Can microbes address the world’s infestation of plastics? 

The plastic waste accumulation rate is alarming, with over 8 million metric tons entering our oceans annually. This pollution has severe consequences for marine life and ecosystems. Over 700 marine species ingest plastics, leading to the death of more than 100 million animals each year. The ingestion and entanglement of plastic debris disrupt marine food chains and habitats.

Subsequently, eating these microplastic-riddle fish also puts human health at stake. Toxic chemicals like bisphenol A found in plastics and microplastics have been discovered in human organs. These contaminants can accumulate in the food chain and pose significant risks. Risks include endocrine disruption and other adverse health effects like cancer.

Contamination of drinking water is also a major concern with plastic pollution. Plastic breaks down into tiny particles that can get into rivers and the ocean and eventually end up in our drinking water sources. These particles come with additional health risks, including developmental disorders and even infertility.

Despite these pressing issues, only about 9% of plastics are recycled globally. There is great emphasis on the need for alternative solutions.

Microbes comprise various microscopic organisms such as bacteria, fungi, protozoa, and algae. They help maintain our planet's ecosystem by participating in natural decomposition processes.

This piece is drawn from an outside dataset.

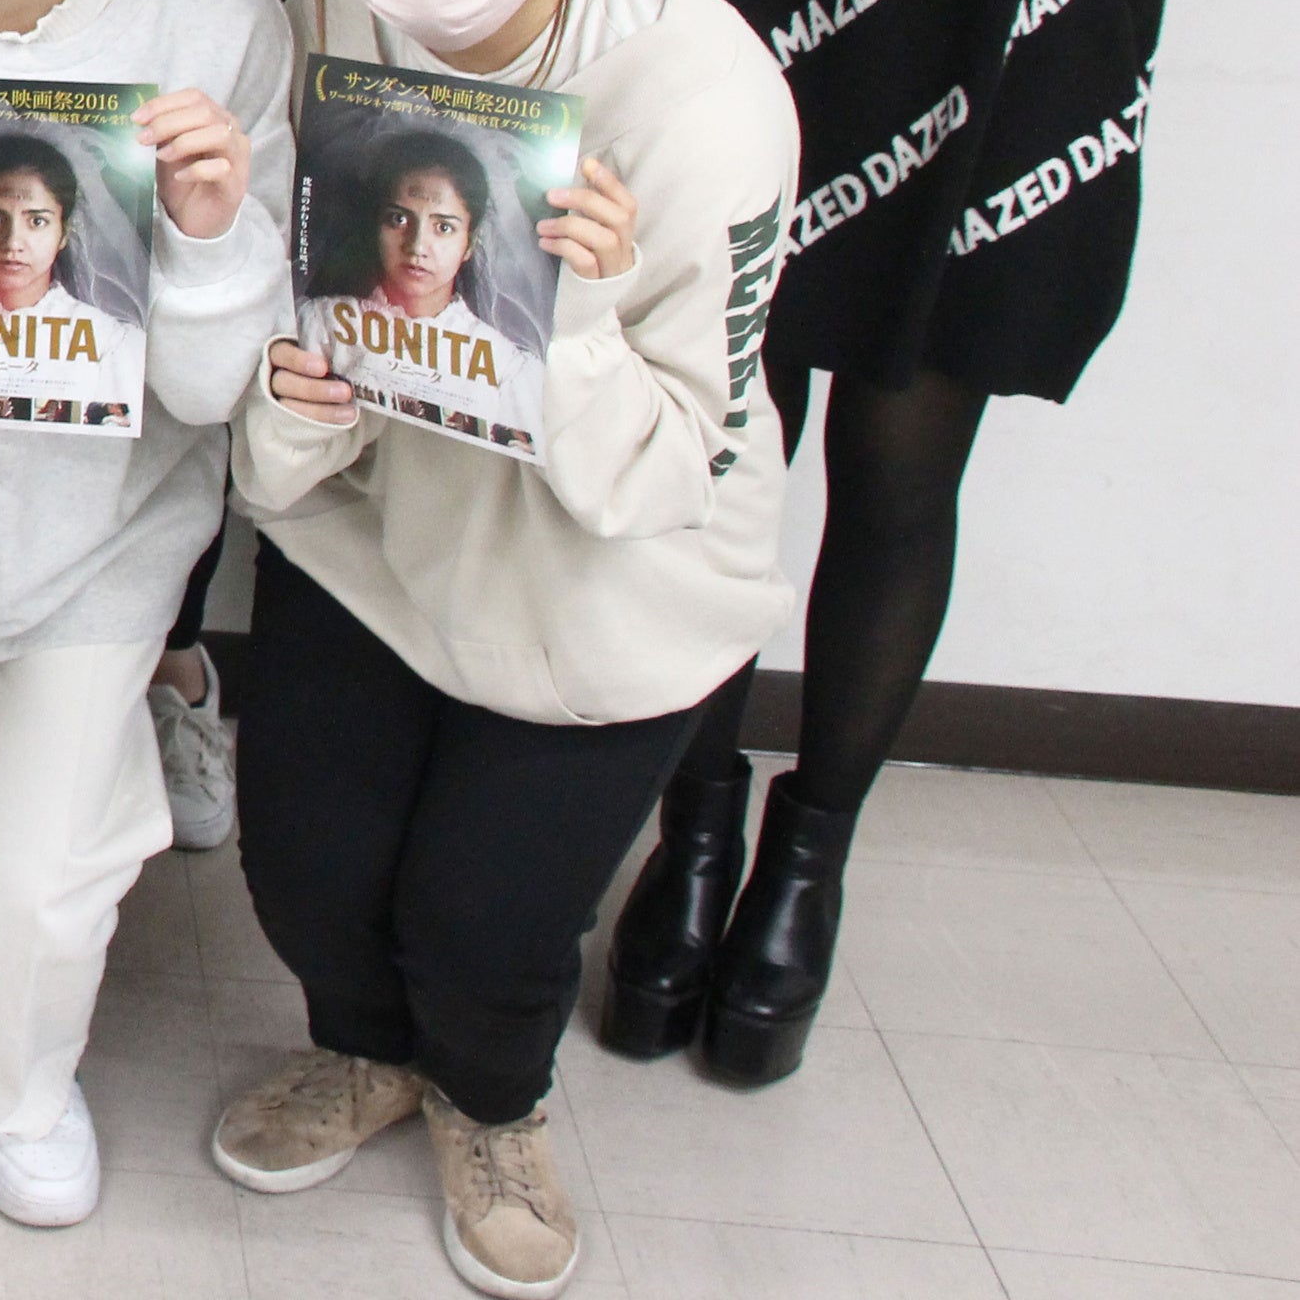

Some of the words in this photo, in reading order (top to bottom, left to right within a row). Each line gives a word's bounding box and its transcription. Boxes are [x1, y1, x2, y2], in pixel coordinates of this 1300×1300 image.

[343, 71, 542, 120] サンダンス映画祭2016
[862, 85, 970, 199] DAZED
[333, 302, 499, 387] SONITA

Recent research indicates that specific microbes can also break down plastics. Microbes produce enzymes that digest polymers within these materials. In short, there are certain microorganisms that have the ability to metabolize plastics. However, due to the complexity of plastic polymers and the wide variety of microbial enzymes, it is not clear which particular bacteria can efficiently degrade them.

So far, studies on microbial degradation have shown promising results for

• PET (polyethylene terephthalate)
• PE (polyethylene)
• PVC (polyvinyl chloride) plastics

Several groundbreaking discoveries have been made in the field of microbial plastic degradation. One such discovery is the bacterium Ideonella sakaiensis, found by a team of Japanese researchers. This bacterium can break down PET bottles within six weeks. This offers a potential solution for one of the most common forms of plastic pollution. The researchers identified a unique enzyme produced by the bacterium called PETase. It breaks down PET into simpler compounds.

Additionally, Yale researchers discovered Pestalotiopsis microspora. This fungus is interesting because it can degrade polyurethane plastics. Remarkably, it can break down plastics even without oxygen. This suggests potential applications in anaerobic environments like landfills. The discovery opens up new possibilities for strategies with limited oxygen availability.

Chinese researchers identified Aspergillus tubingensis, a fungus capable of degrading polyethylene plastics. This microorganism can break down plastic bags within three months. It offers hope in addressing another widespread form of plastic waste. The study demonstrated that the fungus secretes enzymes onto the surface of the plastic and then absorbs the resulting decomposition products.

One approach to improving microbial efficiency in degrading plastics is through genetic engineering. Researchers are exploring ways to modify microbes' genetic makeup to enhance their ability to produce enzymes and metabolize plastic components more effectively. For example, recent studies have used synthetic biology approaches to optimize the PETase enzyme in Ideonella sakaiensis. The result was a higher rate of PET degradation. This strategy can be applied to other plastic-degrading microbes. We could eventually increase their efficiency and expand their range of target plastics.

While these microbial solutions show promise, several challenges and limitations must be addressed. First, the speed of degradation remains an issue. It is still better than natural decomposition rates, which can take up to 1000 years. But factors such as temperature, pH levels, and nutrient availability can affect microbial degradation speeds.

Scaling up microbial degradation for large-scale implementation also poses challenges. These would be related to the mass production and distribution of the microbes.

Finally, there are potential ecological impacts when introducing new microbes into various environments. The possible consequences of introducing non-native species into ecosystems must be carefully considered. It could lead to unforeseen ecological disruptions.